• **EXERCISE DATA**:
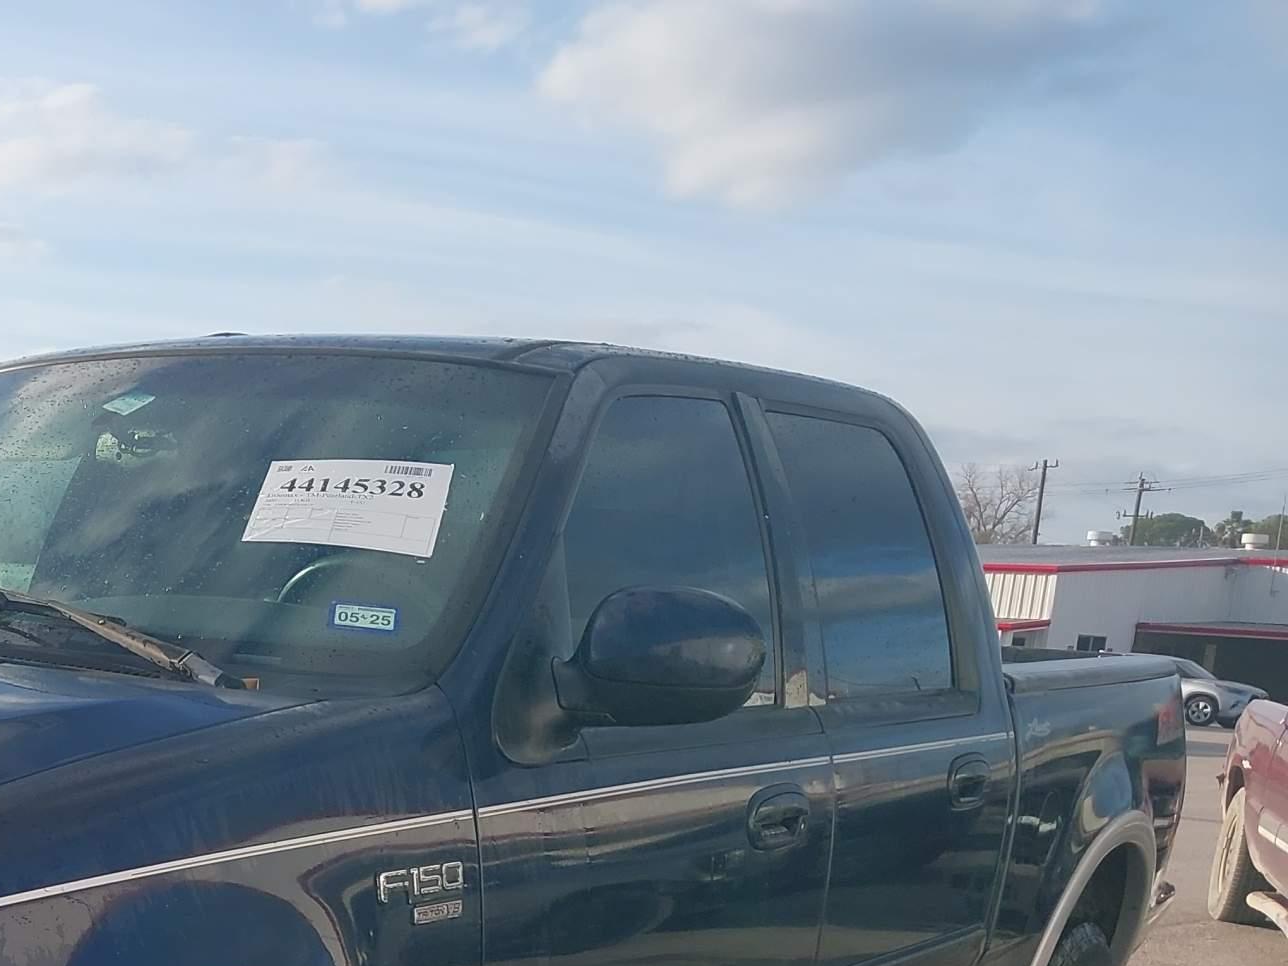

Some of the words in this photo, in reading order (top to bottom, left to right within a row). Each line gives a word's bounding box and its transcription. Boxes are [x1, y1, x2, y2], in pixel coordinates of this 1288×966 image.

[279, 477, 426, 500] 44145328
[337, 611, 360, 623] 05
[369, 614, 392, 626] 25
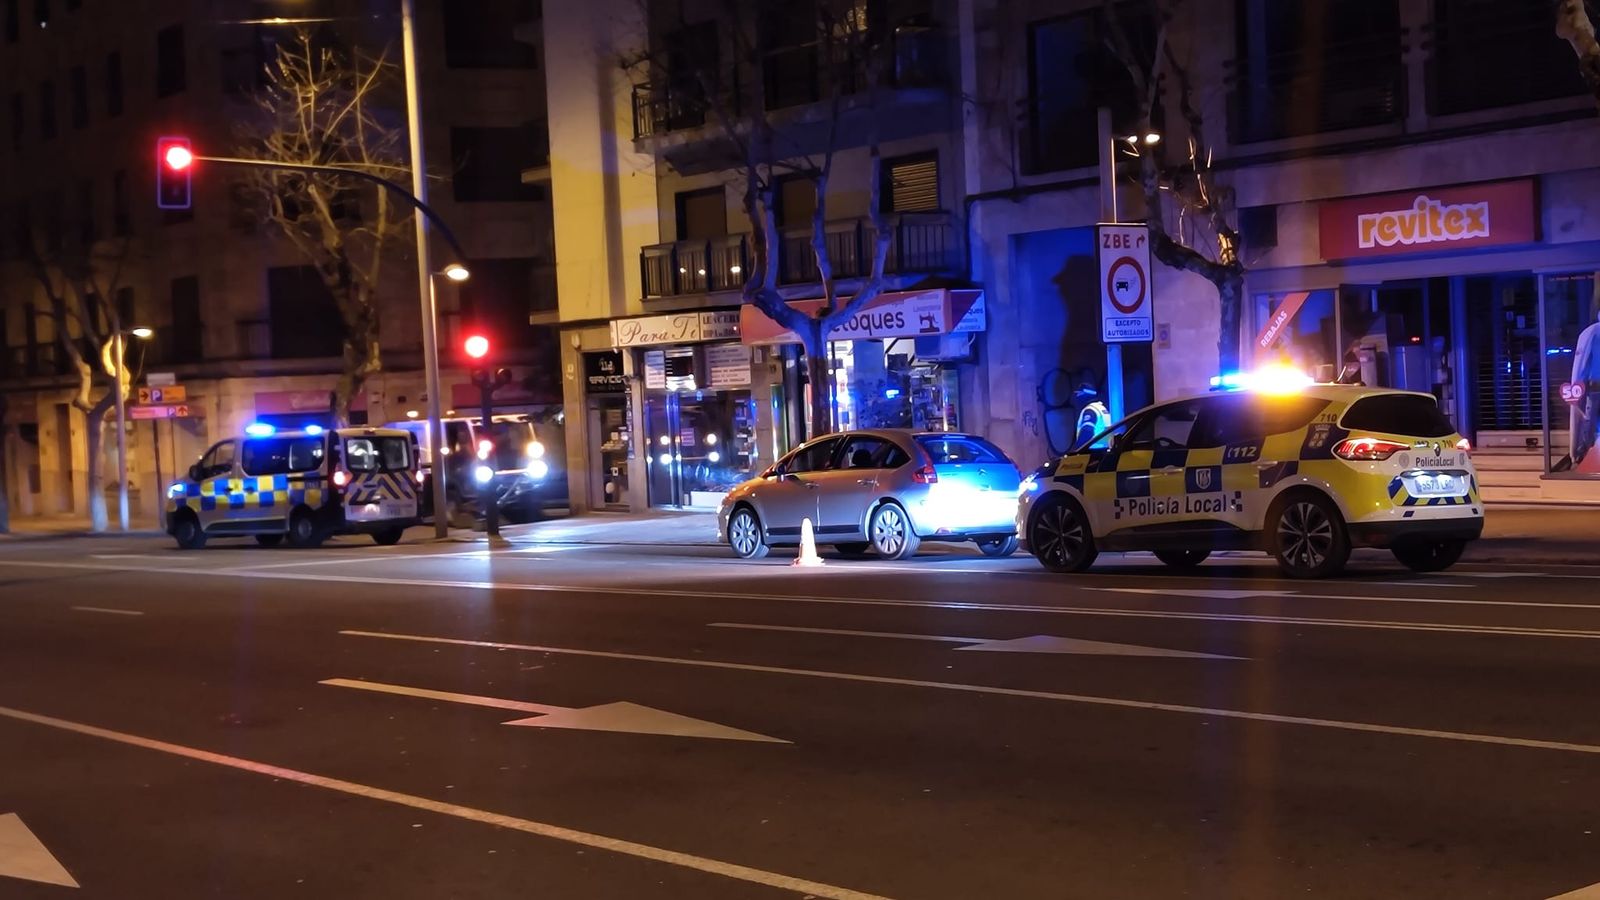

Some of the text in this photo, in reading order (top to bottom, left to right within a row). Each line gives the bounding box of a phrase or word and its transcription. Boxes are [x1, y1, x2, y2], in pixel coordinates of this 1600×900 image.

• **EXERCISE OBJECTIVE**: With the pictures removed, output the listing above exactly.

• **ANSWER SECTION**:
Some of the words in this photo, in reading order (top to bottom, left to right within a row). Each line gives a word's bounding box and its transcription. Boxes are [x1, y1, x2, y2], in pixel coordinates of this 1288×966 image.

[279, 477, 426, 500] 44145328
[337, 611, 360, 623] 05
[369, 614, 392, 626] 25

Some of the text in this photo, in reading order (top to bottom, left to right within a row). Each line gives the bounding box of a phrase or word and its transcription. Boxes are [x1, y1, x2, y2], in pixel coordinates of this 1600×900 image.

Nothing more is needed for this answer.